S’agissant de la constitution accordée par Ferdinand II, l’opinion des exilés napolitains et siciliens à Paris est partagée. Quelques-uns projettent de retourner à Naples ou en Sicile mais d’autres craignent que la « fazione retrograda » ne reprenne pied à la cour et n’ouvre une nouvelle fois la lutte du roi contre la nation, avec ses conséquences extrêmes : à la lutte du roi contre le Parlement s’ajoutera celle de Naples et de la Sicile. La guerre civile sera inévitable. Pour l’éviter, assure Gioberti, il faut d’urgence couper le « nervo di quella fazione », c’est-à-dire chasser les Jésuites. Si l’actuel ministère pouvait le faire par décret ce serait bien. Il incite Massari à le suggérer à ses relations napolitaines. Cela ferait aussi du bien à Turin où les Jésuites travaillent de la même façon. L’expulsion des Jésuites profiterait à Turin et à Rome. Gioberti reprend l’analyse dans une lettre du 3 mars[19] adressée au napolitain Salvatore de Renzi[20]. Il espère que le Parlement napolitain libèrera le royaume de la peste « gésuistica » avec des lois appropriées.

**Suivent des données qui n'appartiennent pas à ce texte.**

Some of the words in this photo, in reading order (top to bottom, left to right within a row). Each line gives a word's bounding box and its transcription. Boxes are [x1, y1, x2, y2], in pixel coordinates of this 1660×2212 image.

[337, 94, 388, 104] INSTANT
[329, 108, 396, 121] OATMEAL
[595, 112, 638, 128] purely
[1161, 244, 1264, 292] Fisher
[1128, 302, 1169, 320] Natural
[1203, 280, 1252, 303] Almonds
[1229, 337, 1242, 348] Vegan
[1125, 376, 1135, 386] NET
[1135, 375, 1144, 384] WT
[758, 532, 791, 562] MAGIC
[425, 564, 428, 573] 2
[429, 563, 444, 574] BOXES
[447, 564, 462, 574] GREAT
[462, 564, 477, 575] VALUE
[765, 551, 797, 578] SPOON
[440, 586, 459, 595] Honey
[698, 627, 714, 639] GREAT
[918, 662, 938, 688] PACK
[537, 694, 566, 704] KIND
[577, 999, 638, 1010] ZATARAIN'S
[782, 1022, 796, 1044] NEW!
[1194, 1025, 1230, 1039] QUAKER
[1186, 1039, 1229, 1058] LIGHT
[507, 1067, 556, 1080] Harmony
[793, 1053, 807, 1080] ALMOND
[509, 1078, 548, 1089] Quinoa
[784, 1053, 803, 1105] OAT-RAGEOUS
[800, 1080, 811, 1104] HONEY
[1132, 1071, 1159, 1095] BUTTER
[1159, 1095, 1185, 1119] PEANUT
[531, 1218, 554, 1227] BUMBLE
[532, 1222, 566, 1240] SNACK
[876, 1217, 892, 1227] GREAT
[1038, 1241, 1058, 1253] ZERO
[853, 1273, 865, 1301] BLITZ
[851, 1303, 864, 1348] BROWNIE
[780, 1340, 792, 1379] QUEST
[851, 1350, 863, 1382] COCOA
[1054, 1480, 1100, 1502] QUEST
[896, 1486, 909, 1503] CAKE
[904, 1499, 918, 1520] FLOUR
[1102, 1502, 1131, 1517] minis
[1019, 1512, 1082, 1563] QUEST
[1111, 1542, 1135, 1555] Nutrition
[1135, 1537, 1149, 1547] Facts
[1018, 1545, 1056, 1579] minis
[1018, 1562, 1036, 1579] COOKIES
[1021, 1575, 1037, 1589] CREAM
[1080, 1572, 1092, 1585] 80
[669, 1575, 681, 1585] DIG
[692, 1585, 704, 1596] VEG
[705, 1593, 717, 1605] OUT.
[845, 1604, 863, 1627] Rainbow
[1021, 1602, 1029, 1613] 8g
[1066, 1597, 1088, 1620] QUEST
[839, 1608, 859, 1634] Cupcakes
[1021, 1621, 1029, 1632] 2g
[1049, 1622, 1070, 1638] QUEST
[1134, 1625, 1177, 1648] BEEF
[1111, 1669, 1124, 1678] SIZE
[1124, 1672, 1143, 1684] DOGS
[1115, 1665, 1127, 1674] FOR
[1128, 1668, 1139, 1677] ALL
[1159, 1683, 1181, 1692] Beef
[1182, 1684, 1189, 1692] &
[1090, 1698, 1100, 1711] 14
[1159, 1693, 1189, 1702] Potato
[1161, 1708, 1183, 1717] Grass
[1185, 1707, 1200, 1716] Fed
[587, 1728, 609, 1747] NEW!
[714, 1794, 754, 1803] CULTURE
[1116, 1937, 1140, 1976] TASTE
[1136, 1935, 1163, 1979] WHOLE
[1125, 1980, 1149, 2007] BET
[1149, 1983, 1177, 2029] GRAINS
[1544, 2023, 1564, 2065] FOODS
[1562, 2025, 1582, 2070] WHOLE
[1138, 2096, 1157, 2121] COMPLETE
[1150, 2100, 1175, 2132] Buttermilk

Retour à l’actualité napolitaine. Gioberti fait part à Pietro di Santarosa le 16 mars[21] d’une lettre reçue ce jour de Naples et qui fait état d’un fort mécontentement et même de révoltes. A la discorde avec la Sicile s’ajoute l’attraction de la révolution en cours à Paris. Il le constate d’ailleurs lui-même chez les exilés italiens à Paris. Cette révolution est un brûlot. Le courrier qu’il adresse le 25 mars[22] à Michele Amari, l’illustre auteur des « Vespri »[23] est marquée du même pessimisme. Ses compatriotes ont donné depuis quelques mois des exemples de vertus héroïques. Toute l’Italie admire. Mais le Parlement du royaume est divisé.
 
L’action du gouvernement Balbo
En ce qui concerne Turin les choses vont bien, écrit-il à Benedetto Rignon le 15 mars[24]. Le nouveau gouvernement[25] prend « francamente » les choses en main. Mais, lui, craint toujours que les Autrichiens et les « retrogradi » ne jettent le trouble. Il répète à Rignon dans une lettre du 20 mars[26] tout le bien qu’il pense du nouveau ministère Balbo. Il ne laisse rien à désirer au plan de la vertu, de la réputation et de la science politique. Mais aura-t-il assez d’énergie ?
Ces compliments cachent-ils un souhait de retour politique à Turin ? Gioberti s’en défend dans une lettre adressée à Valerio, un journaliste turinois[27] le 20 mars[28]. Il ne veut être ni ministre, ni sénateur, ni évêque, ni archevêque. « Del Piemonte io non desidero nulla che l’amore del popolo ». Au même Valerio il fait part le 25 mars[29] de son souhait de devenir collaborateur de La Concordia. Il lui soumet un projet d’une série d’articles en quinze « feuilletons » sur la révolution de février.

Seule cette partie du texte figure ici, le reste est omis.